An Open Source Approach to Threat Mitigation in AWS

By Nigel Douglas and Igor Eulalio

The security of cloud environments is a top priority for organisations worldwide. According to research by Omdia, supporting cloud and digital transformation projects is one of the top three priorities for cyber security teams, alongside skills development and protecting against ransomware. From a security perspective, getting the right skills around cloud environments so they can be managed and maintained securely is critical. At the same time, having the budget to cover these needs is also a massive challenge.

Amazon Web Services (AWS), one of the most popular cloud service providers, is often a key consideration in discussions about securing cloud infrastructure. Leveraging open source tools for security monitoring and response can significantly enhance threat mitigation strategies, as you can access the latest projects based on industry collaboration and improve your ability to spot issues across cloud, container and Linux deployments. In this piece, I’ll go into how Falco provides insight into cloud security in combination with other open source security tools.

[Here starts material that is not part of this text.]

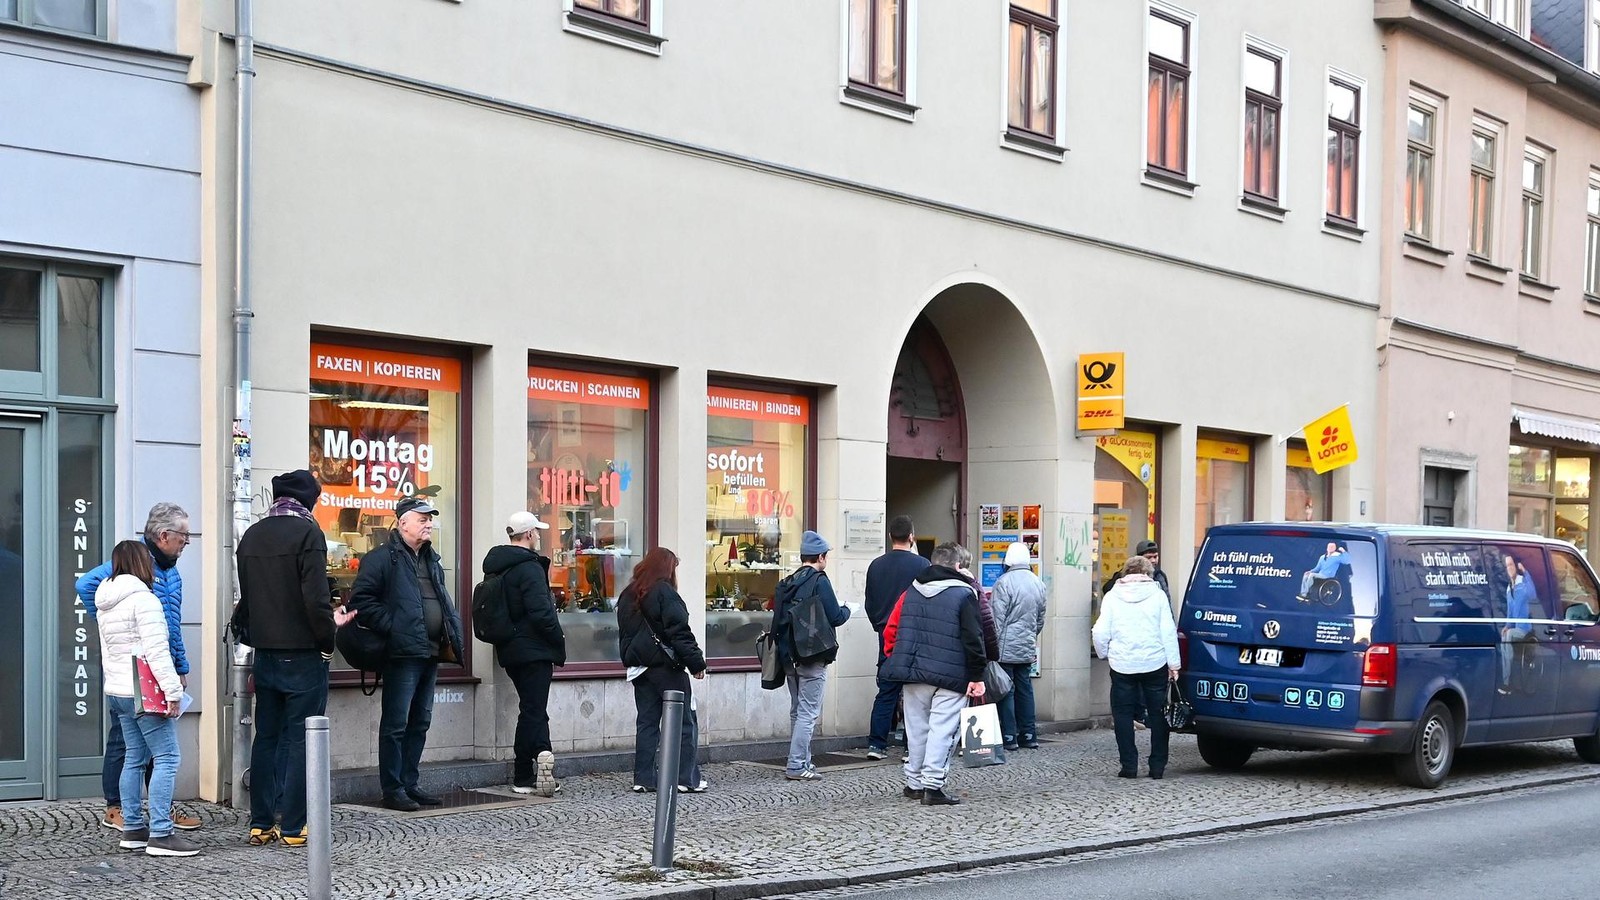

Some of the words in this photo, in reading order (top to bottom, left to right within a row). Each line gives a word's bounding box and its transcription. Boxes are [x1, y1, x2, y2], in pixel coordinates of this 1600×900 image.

Understanding Falco and Falco Talon

A recent graduate of the Cloud Native Computing Foundation (CNCF). The open source project was designed for the security monitoring of containerised applications, often referred to as cloud-native workloads. Integrating the open source Falco engine with the Falco Talon response engine provides a powerful and flexible solution for security threats while being fully open source. You can then combine these tools with your cloud service provider’s offerings – in the case of AWS, we’ll look at AWS Lambda as an on-demand serverless compute platform.Falco allows users to define custom rules to detect suspicious activity within their AWS environments through CloudTrail logs. Falco can be deployed on any Linux VM, from robust servers to lightweight devices like a Raspberry Pi, ensuring versatility and broad accessibility.

Falco Talon extends Falco’s capabilities by automating responses to threats it detects. Falco Talon particularly shines through its integration with AWS Lambda, which executes code in response to events & automatically manages underlying compute resources.

Workflow Integration with AWS Lambda

The integration process is straightforward yet powerful:

Falco checks for specific events defined by custom rules analysing AWS CloudTrail logs.
Upon detection of a threat, Falco Talon triggers an AWS Lambda function.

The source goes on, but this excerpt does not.